Güneye Yerleşme Yolculuğu
Pandeminin ardından hepimiz gördük ki birçok iş için uzaktan çalışmak ve verimliliği sürdürmek mümkün. İçinden geçtiğimiz üç yıl boyunca birçok kişi evlerinden çalışarak uzaktan çalışmayı fazlasıyla tecrübe etti. Dünyanın hemen hemen her yerinde bir gerçek haline gelen bu durum sonrası, kariyer başarısı ve iş fırsatları için lokasyonun önceliği hiç olmadığı kadar önemsiz bir hale geldi. Bu durum da birçok insan için şehirde yaşama olan bakış açısında değişikliğe yol açtı. Artık iş sebebiyle şehirde olma zorunluluğunun kalmaması, şehirlerin kalabalığının ve pahalılığının çekilebilirliğini de azaltıyor. Birçok kişi için şehir yaşamını terk etmek artık bir hedef haline gelmeye başladı. Özellikle beyaz yaka çalışanlar için haftada bir gün bile ofise gitme ihtiyacının kalmaması, bir zamanların hayalini de yeniden gündeme getirdi.

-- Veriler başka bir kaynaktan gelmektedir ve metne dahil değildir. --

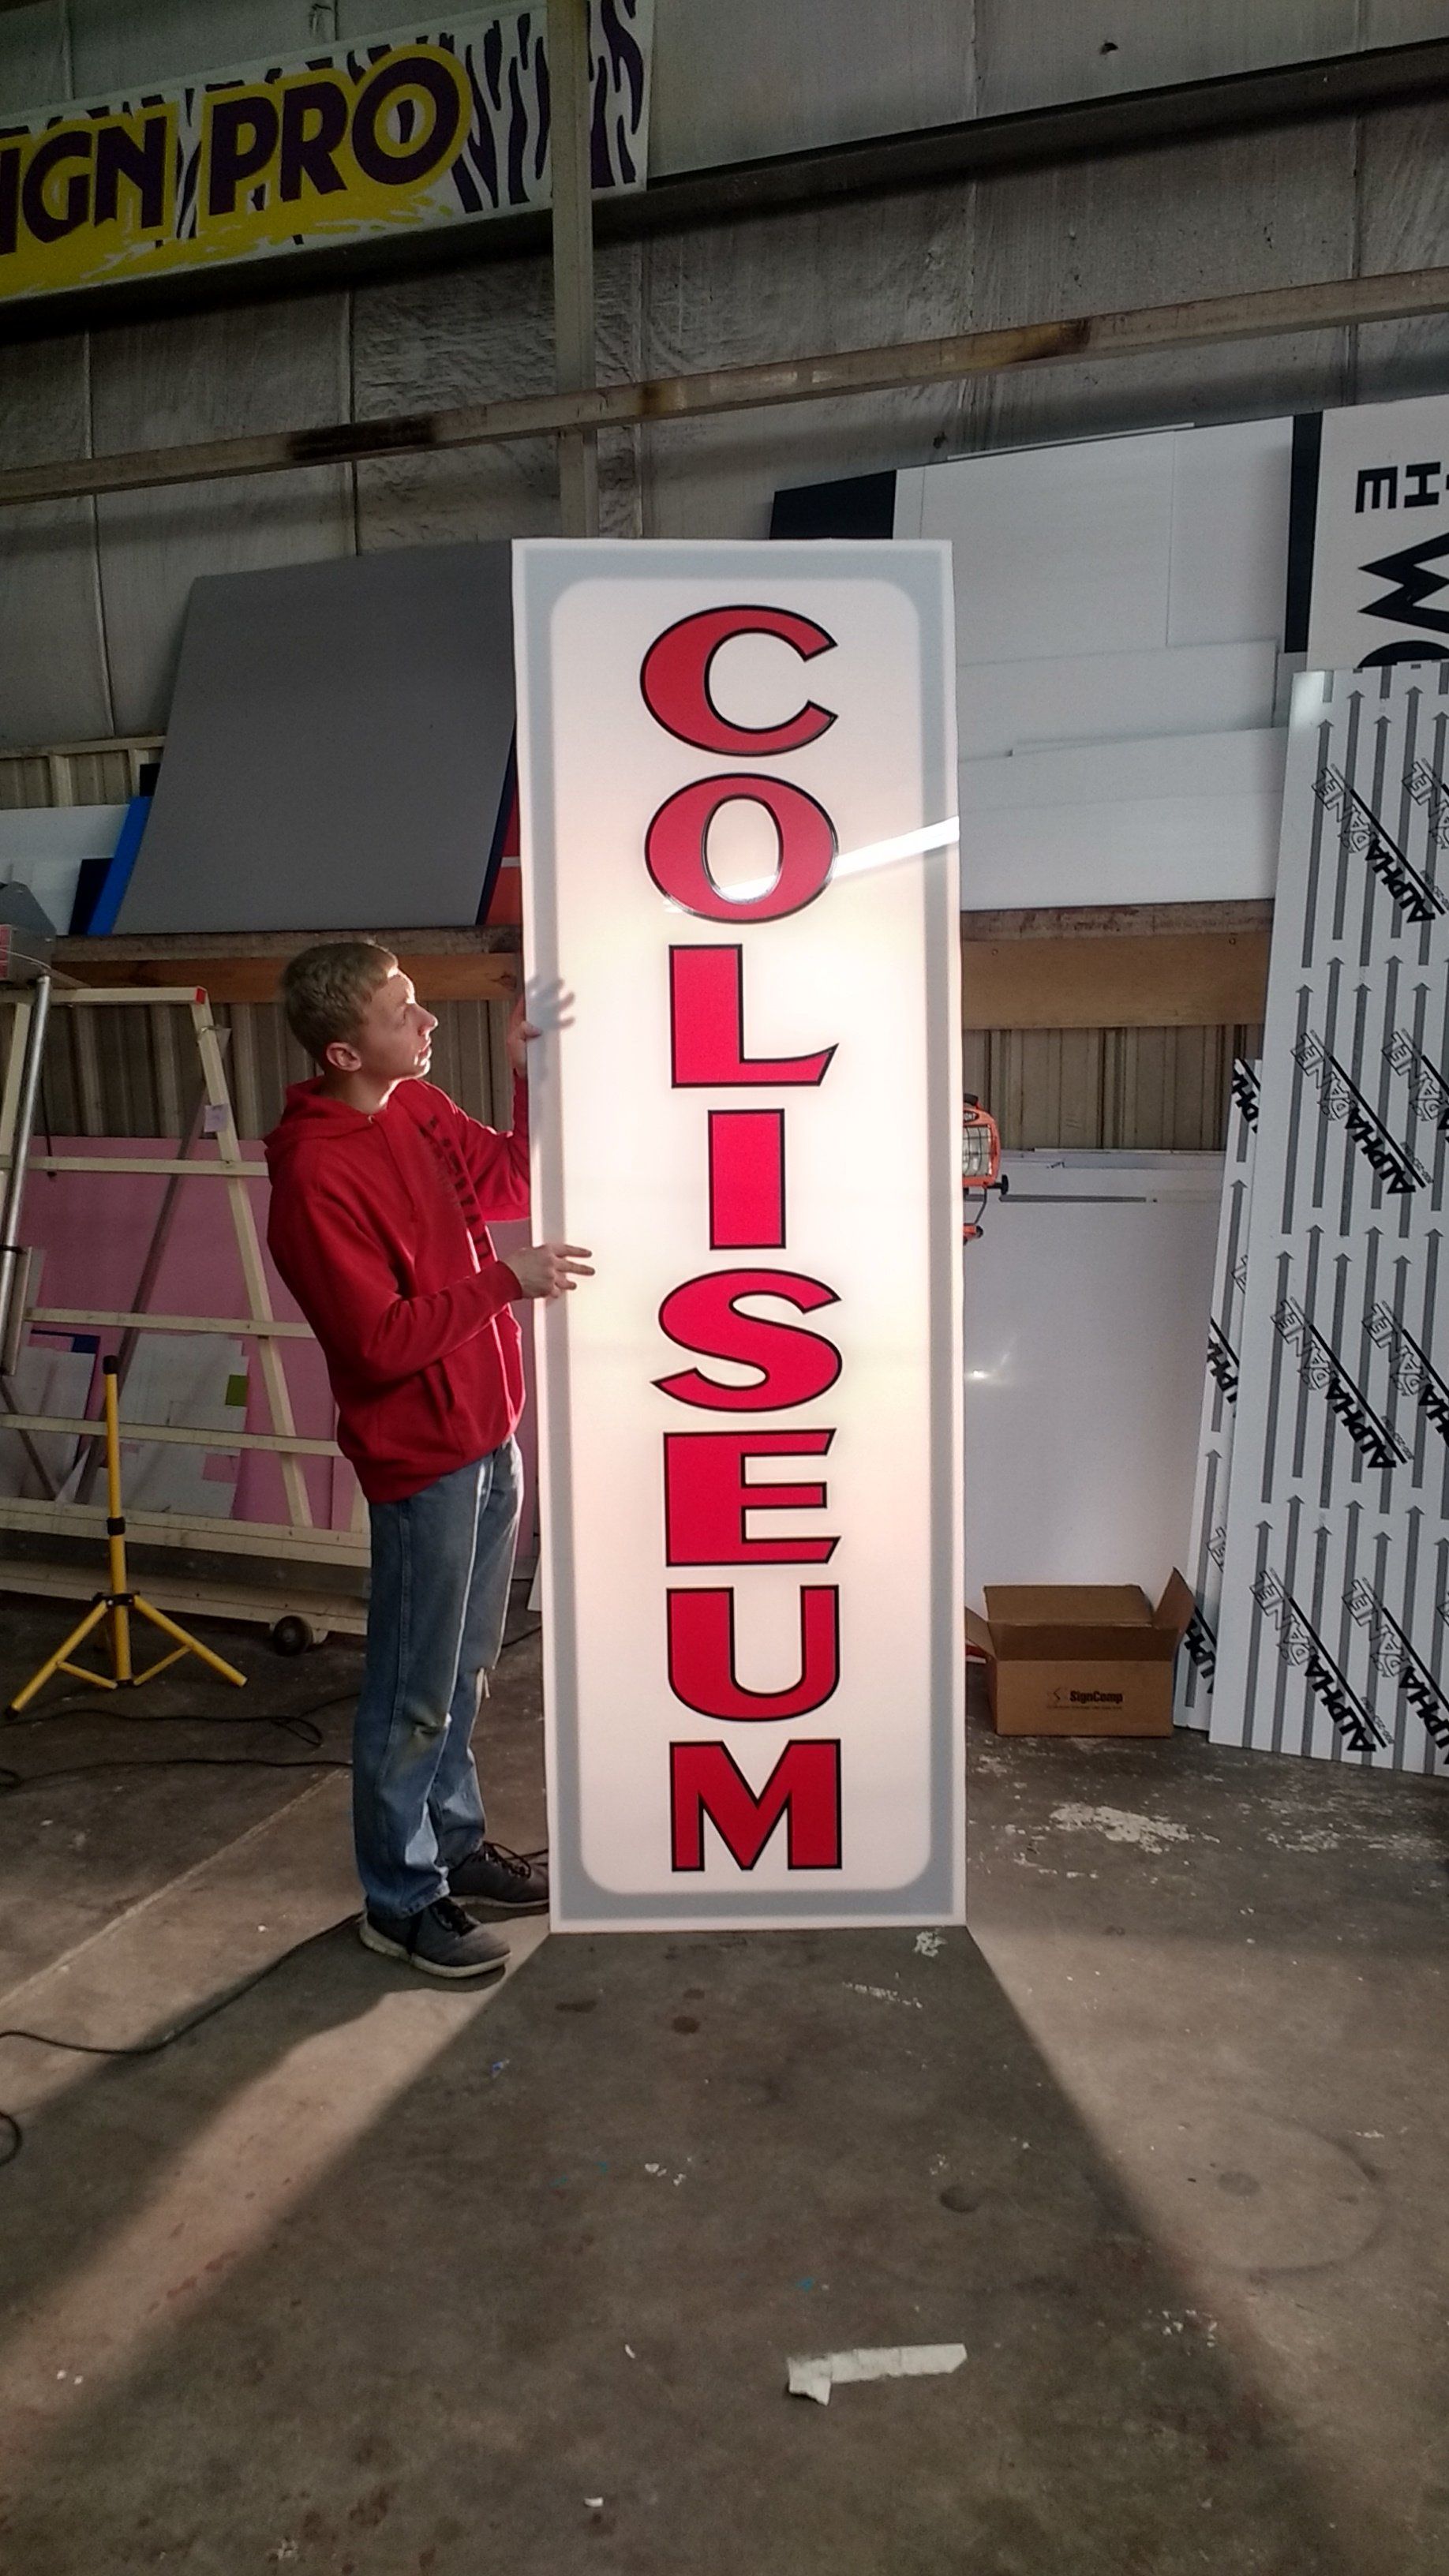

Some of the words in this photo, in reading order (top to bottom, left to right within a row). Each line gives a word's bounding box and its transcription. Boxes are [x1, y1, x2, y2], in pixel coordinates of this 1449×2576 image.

“Güneye yerleşme” kavramı uzun zamandır beyaz yakanın dilinde olan, herkesin hayali haline gelmiş bir plan. Daha önceleri bu hayali gerçekleştirmek için mevcut işini bırakmak ve göç ettiğin yeni şehirde kendine yeni bir iş inşa etmen gerekiyordu. Bu durum da çoğu zaman mümkün olmuyordu. Şehirdeki sistemde çalışmaya alışmış, yetenekleri buralardaki işlerle uygun kişilerin bir kasabada kendisine iş kurması ya da iş bulması çok mümkün olmuyordu. Ancak şimdi işini, yaşadığı konumdan bağımsız olarak yapan bu kişiler için güneye yerleşmek daha gerçekçi bir hayal haline gelmeye başladı. Peki güneye yerleşmek derken ne anlamak gerekiyor? Hayalleri süsleyen bu sahil kasabaları nereler? Her şey hayallerini kurduğumuz kadar güzel mi?
Güneye Yerleşmek
Öncelikle bu hayalin temel unsurlarını anlamak gerek. Öncelikli sebepler arasında şehrin üzerimizde yarattığı hisler ve bizden aldıkları yer alıyor elbette. Şehirlerin kalabalık ve karmaşa halindeki yaşamı gün içerisinde iş yorgunluğunun üzerine bir de cila atıyor tanım yerindeyse. Birçok kişi için kendini dinleyebilecek, kendisine ve sevdiklerine zaman ayırabilecek bir zaman ve alan bulmak mümkün olmuyor. Şehirden kaçış hayalinin de en temel sebeplerinden birisini bu oluşturuyor. Ayrıca birçok büyükşehirde yeşil alan neredeyse kalmadı. Bu durum da nefes alıp biraz huzur bulacak bir alan ihtiyacını oluşturuyor. Özellikle çocuklu aileler için çocuklarının doğa ile temas etmesini sağlamak için şehirden kaçış gündeme geliyor. Çocukların oynayabileceği alanların olmayışı, apartmanların içerisine sıkışarak yetişmek zorunda kalmaları ise cabası. Bir de tabii ki hayat pahalılığı önemli etkenlerden birisi. Mevcut kazançlar ile şehirde yaşanılan hayatın çok daha iyi seviyelere gelmesi beklentisi oldukça etkili. Özellikle inanılmaz seviyelere yükselen kiralar bu konuda ilk sırada yer alıyor. Şehirden kaçmak isteyenler, maaşlarının yarısı ile küçük bir apartman dairesinde yaşamaktansa bahçeli geniş bir evde yaşamak istiyor. Tüm bu sebepler ve daha fazlası ise şehirden kaçma, bir sahil kasabasına yerleşme hayalini ortaya çıkarıyor. Güneye yerleşmek, artık gerçekçi sebepleri olan ve gerçekleşmesi mümkün bir seçenek olarak karşımıza geliyor.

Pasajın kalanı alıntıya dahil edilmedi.